The Upper Limit: When More Isn’t Better
The relationship between coffee and lifespan follows a U-shaped curve. One to 3 cups per day sits at the bottom of the curve, where risk is lowest. At 4 or more cups daily, the protective effect disappears. In people with metabolic syndrome, 4-plus cups per day was associated with a 5% higher risk of dying from any cause and a 13% higher risk of dying from cardiovascular disease compared to non-drinkers.
Regulatory agencies including the FDA consider up to 400 milligrams of caffeine per day safe for healthy adults. That’s roughly four 8-ounce cups of brewed coffee. Going well beyond that threshold can cause agitation, rapid heart rate, and anxiety. True caffeine toxicity requires enormous amounts, somewhere between 28 and 93 servings of an energy drink in a single day, so it’s extremely rare from coffee alone.
Coffee During Pregnancy
Pregnant women face a different equation. The American College of Obstetricians and Gynecologists recommends staying under 200 milligrams of caffeine per day, about one 12-ounce cup of coffee. Below that level, studies have not found a significant increase in miscarriage risk. Above 200 milligrams daily, one large study found the risk of miscarriage more than doubled. Higher caffeine intake is also associated with restricted fetal growth, with the risk rising at intakes above 200 milligrams per day.
Your Brewing Method Matters
Coffee contains oily compounds called diterpenes that raise LDL (“bad”) cholesterol. The fix is simple: use a paper filter. In a controlled trial, people drinking unfiltered boiled coffee (think French press or Turkish coffee) saw their total cholesterol rise by about 16 mg/dL and their LDL cholesterol rise by the same amount.
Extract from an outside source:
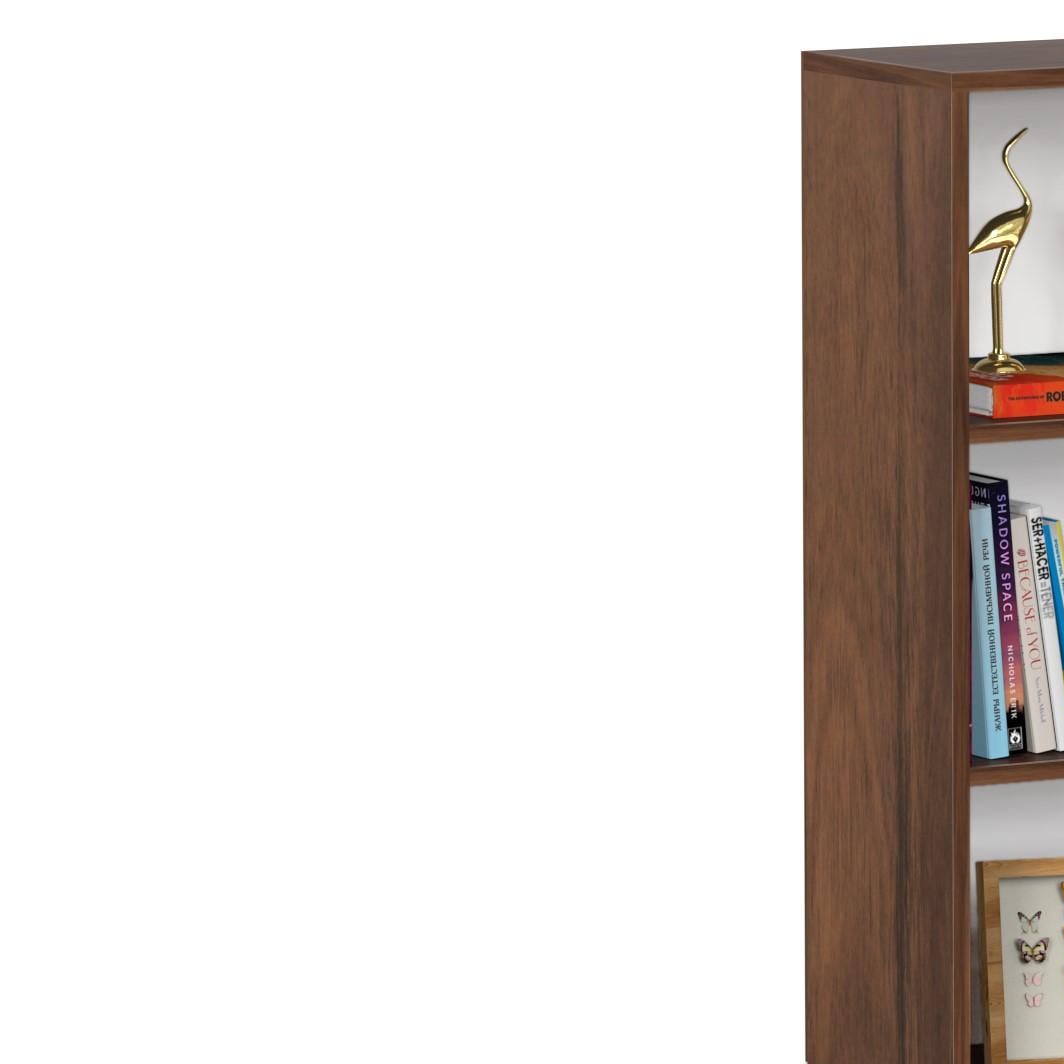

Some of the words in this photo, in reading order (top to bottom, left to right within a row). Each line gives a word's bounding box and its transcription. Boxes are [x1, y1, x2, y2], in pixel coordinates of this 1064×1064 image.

People who drank the same coffee passed through a paper filter showed no significant change in cholesterol at all. The filter physically traps the cholesterol-raising compounds. If you use a drip machine with a paper filter, pour-over, or standard coffee maker, this isn’t a concern.
Coffee and Acid Reflux
If you experience heartburn or GERD, coffee can make it worse, but not for the reason most people assume. Both regular and decaffeinated coffee stimulate gastric acid secretion at similar levels, meaning caffeine isn’t the main culprit. Decaffeinated coffee produced nearly as much stomach acid as regular coffee in controlled testing. So switching to decaf won’t necessarily solve reflux symptoms. Reducing the total amount of coffee, or drinking it with food, tends to be more effective than eliminating caffeine alone.
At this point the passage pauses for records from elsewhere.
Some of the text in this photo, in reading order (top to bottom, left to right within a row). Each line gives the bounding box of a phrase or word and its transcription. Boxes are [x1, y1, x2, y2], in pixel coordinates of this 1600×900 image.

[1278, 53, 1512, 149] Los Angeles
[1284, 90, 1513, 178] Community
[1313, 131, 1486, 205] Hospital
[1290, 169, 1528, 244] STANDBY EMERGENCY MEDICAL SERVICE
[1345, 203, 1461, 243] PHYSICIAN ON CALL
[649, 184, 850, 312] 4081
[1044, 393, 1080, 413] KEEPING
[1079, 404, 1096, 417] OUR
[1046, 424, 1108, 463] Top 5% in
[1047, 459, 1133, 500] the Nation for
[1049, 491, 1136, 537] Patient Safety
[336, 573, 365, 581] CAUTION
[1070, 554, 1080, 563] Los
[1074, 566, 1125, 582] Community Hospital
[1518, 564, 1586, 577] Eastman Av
What About Acrylamide in Coffee?
Coffee does contain acrylamide, a chemical that forms when foods are roasted or cooked at high temperatures. It’s classified as a probable carcinogen based on animal studies where rodents received very high doses in drinking water. In humans, the picture looks different. A large body of epidemiologic research has found no consistent evidence that dietary acrylamide exposure is associated with increased cancer risk. The amounts present in coffee are far lower than the doses used in animal experiments, and coffee drinkers as a group actually show lower overall mortality than non-drinkers, which would be difficult to explain if acrylamide in coffee posed a meaningful cancer risk.
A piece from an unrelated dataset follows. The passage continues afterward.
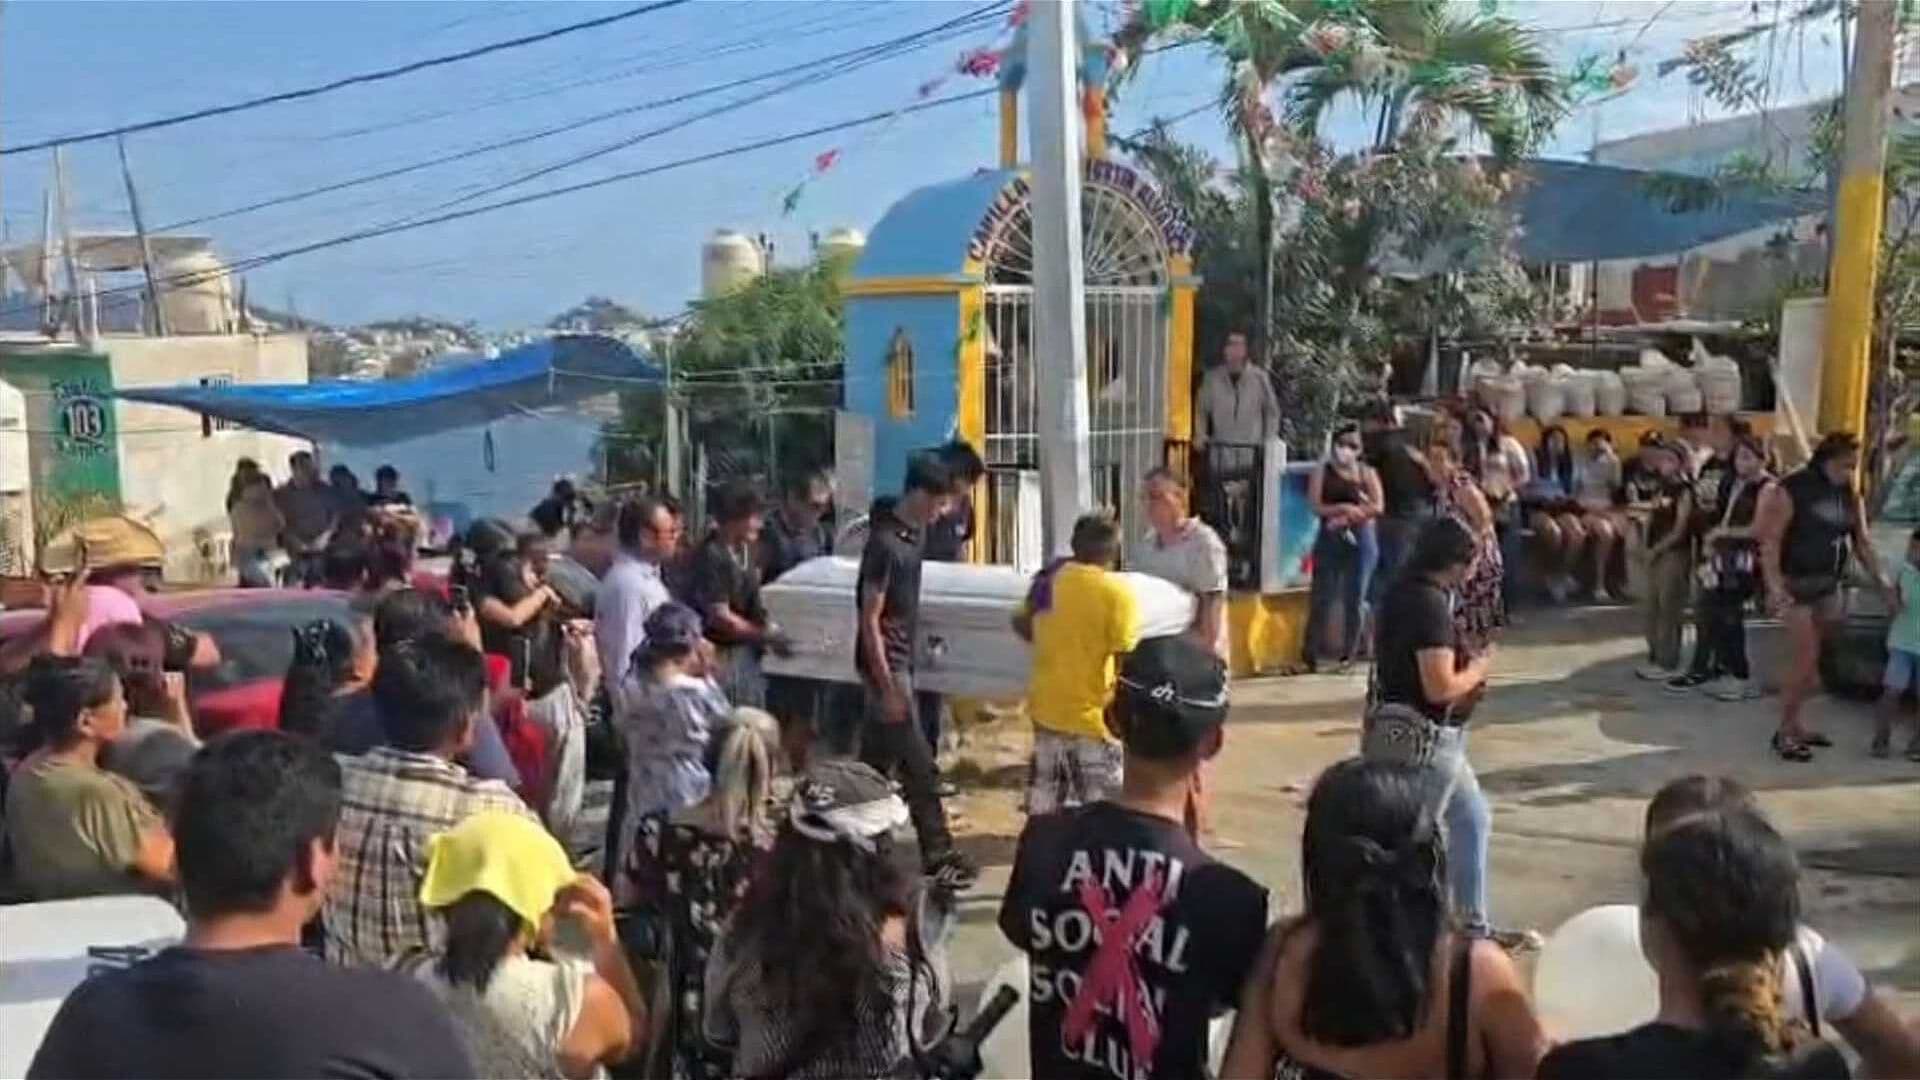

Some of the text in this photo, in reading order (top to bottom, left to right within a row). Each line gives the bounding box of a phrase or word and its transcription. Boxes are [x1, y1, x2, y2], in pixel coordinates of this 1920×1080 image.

[66, 403, 103, 438] 103
[1060, 847, 1185, 903] ANTI
[1031, 906, 1191, 972] SOAL
[1061, 1024, 1153, 1080] CLU
The Bottom Line on How Much to Drink
For a healthy, non-pregnant adult, 1 to 3 cups of filtered coffee per day sits in the sweet spot: associated with lower risks of heart disease, diabetes, neurodegenerative disease, and early death. Beyond 4 cups, the benefits plateau and some risks begin to creep upward. If you’re pregnant, keeping intake under 200 milligrams of caffeine protects against the most well-documented risks. And if you’re sensitive to acid reflux or sleep disruption, adjusting the timing and amount of your coffee will do more good than eliminating it entirely.